» **Information provided**:

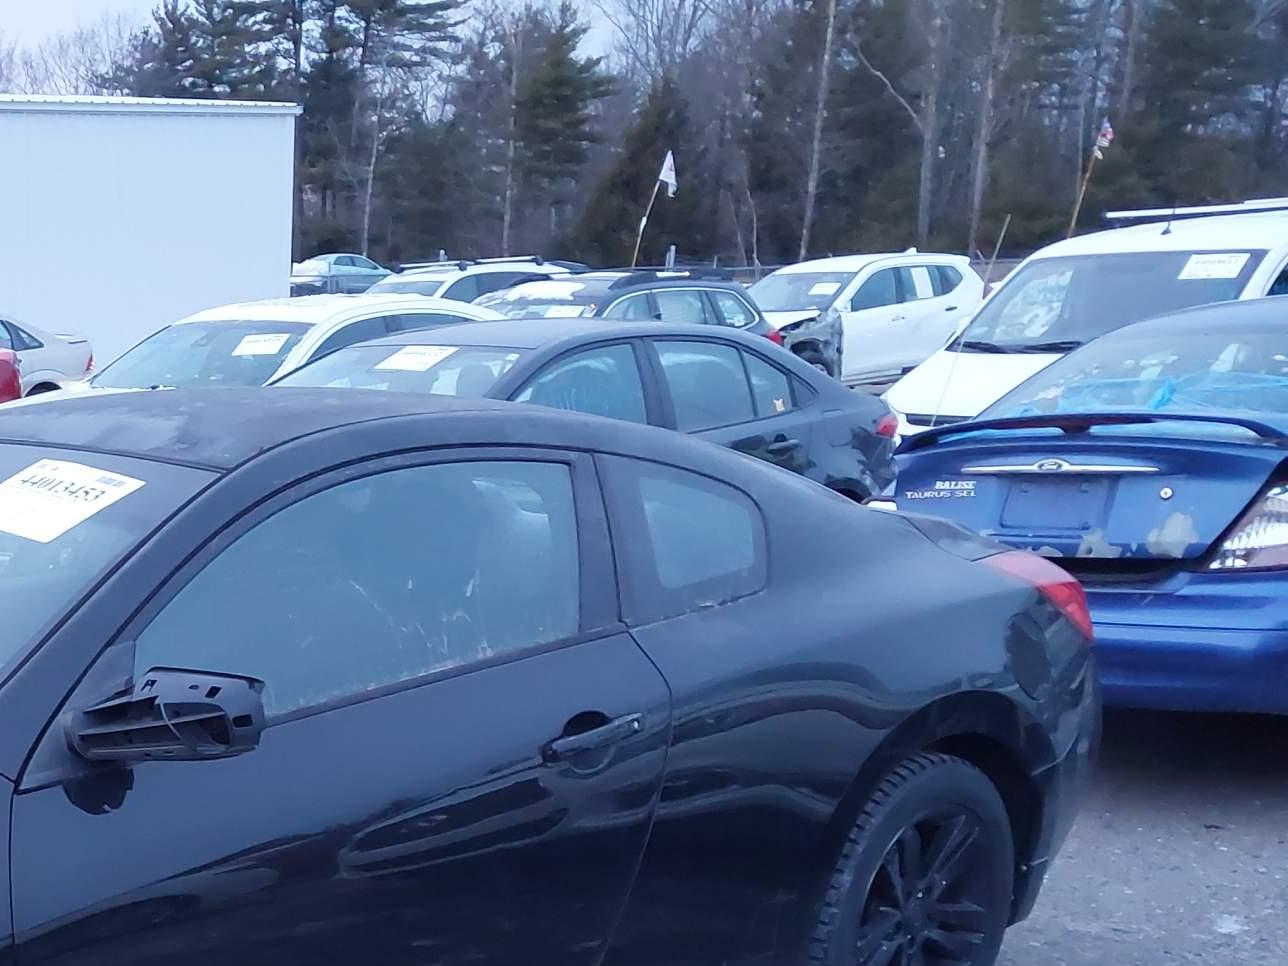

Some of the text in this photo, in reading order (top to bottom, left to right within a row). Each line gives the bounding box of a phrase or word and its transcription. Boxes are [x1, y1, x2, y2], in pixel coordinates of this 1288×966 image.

[20, 473, 107, 501] 44013453
[905, 489, 977, 499] TAURUS SEL
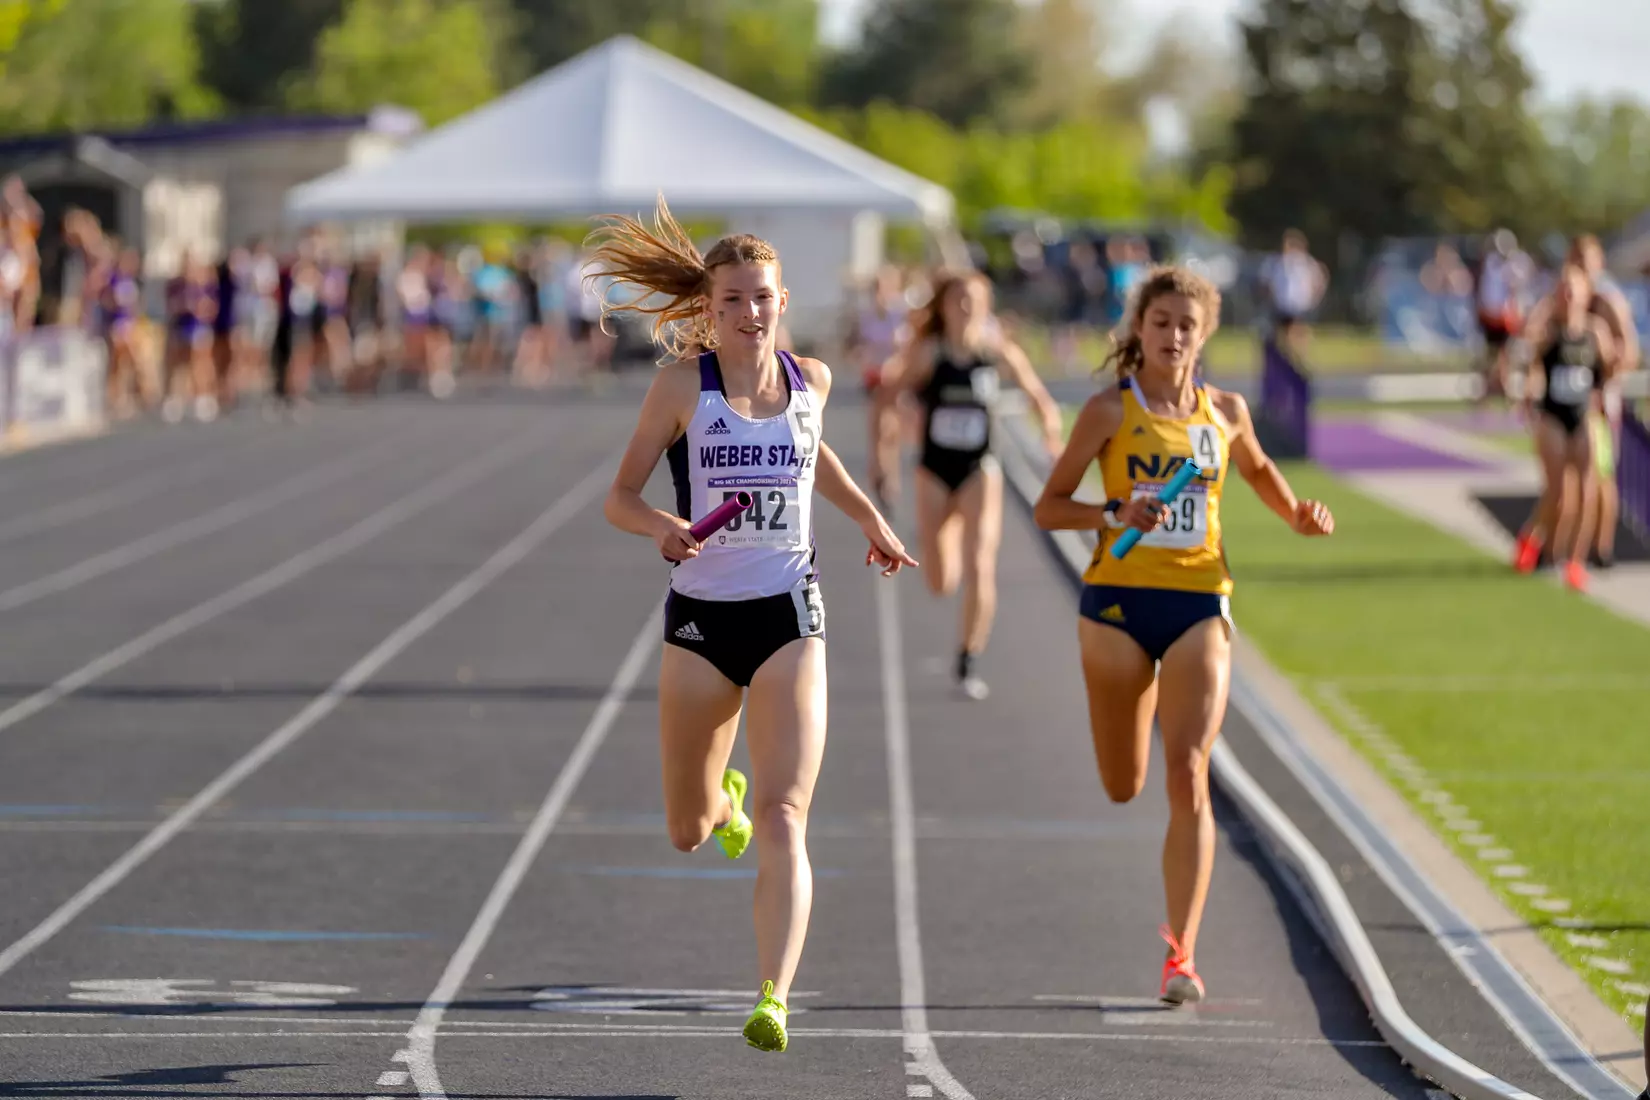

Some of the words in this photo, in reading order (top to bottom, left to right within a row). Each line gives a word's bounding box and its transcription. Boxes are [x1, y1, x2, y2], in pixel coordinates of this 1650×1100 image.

[704, 427, 731, 436] adidas
[795, 411, 815, 454] 5
[1200, 428, 1216, 465] 4
[700, 444, 763, 469] WEBER
[736, 477, 779, 485] CHAMPIONSHIPS
[674, 630, 705, 642] adidas
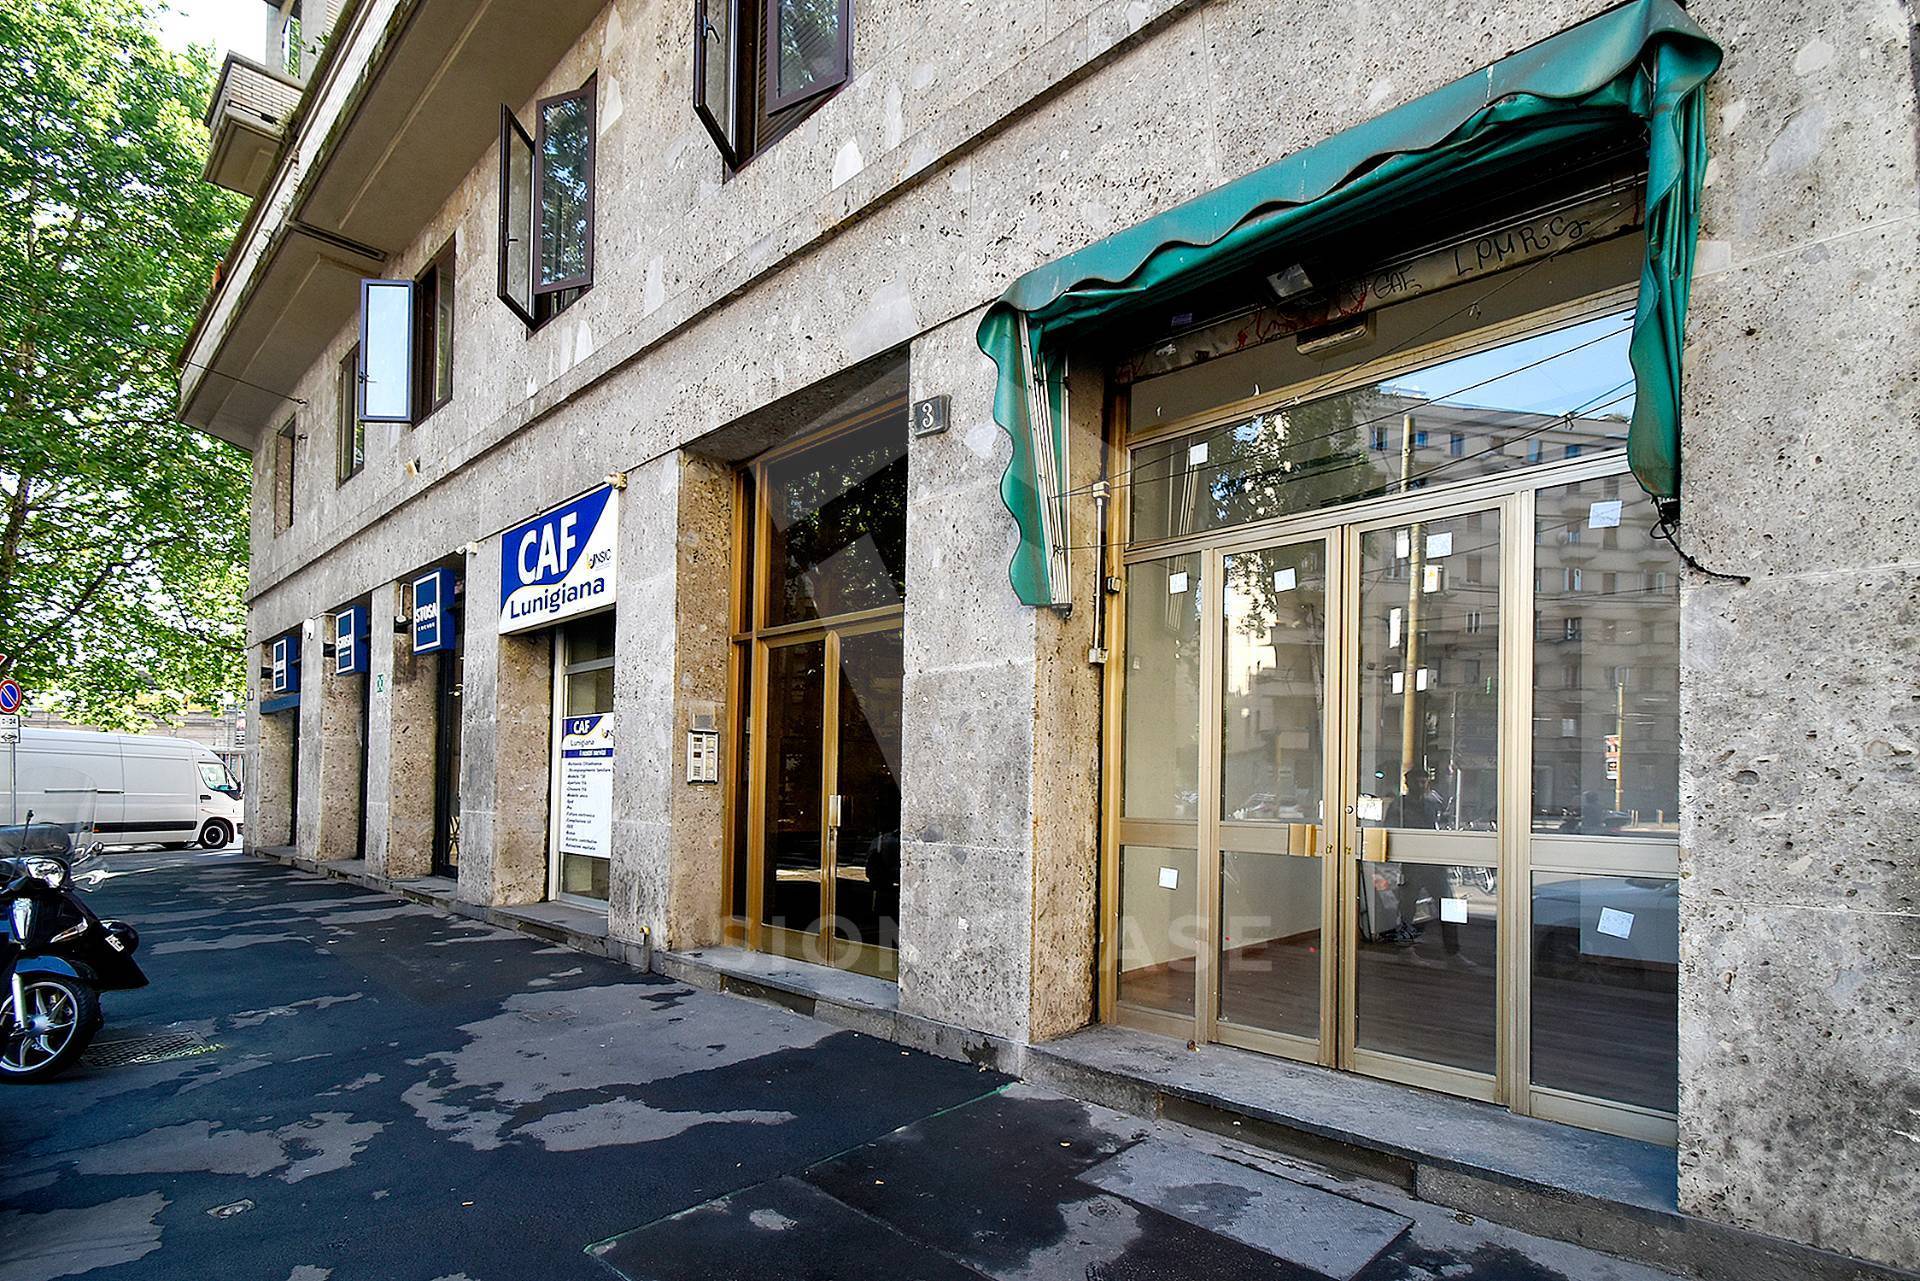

» **Instructions for the task**: What is needed is an exact copy of every record above, minus the images.

» **Completed task**:
Some of the text in this photo, in reading order (top to bottom, left to right within a row). Each line gives the bounding box of a phrase or word and its transcription. Boxes are [x1, y1, x2, y2], in pixel coordinates of this 1288×966 image.

[20, 473, 107, 501] 44013453
[905, 489, 977, 499] TAURUS SEL

Some of the words in this photo, in reading order (top to bottom, left to right within a row). Each line gives a word's bounding box and its transcription. Boxes are [x1, y1, x2, y2], in pixel coordinates of this 1650×1100 image.

[704, 427, 731, 436] adidas
[795, 411, 815, 454] 5
[1200, 428, 1216, 465] 4
[700, 444, 763, 469] WEBER
[736, 477, 779, 485] CHAMPIONSHIPS
[674, 630, 705, 642] adidas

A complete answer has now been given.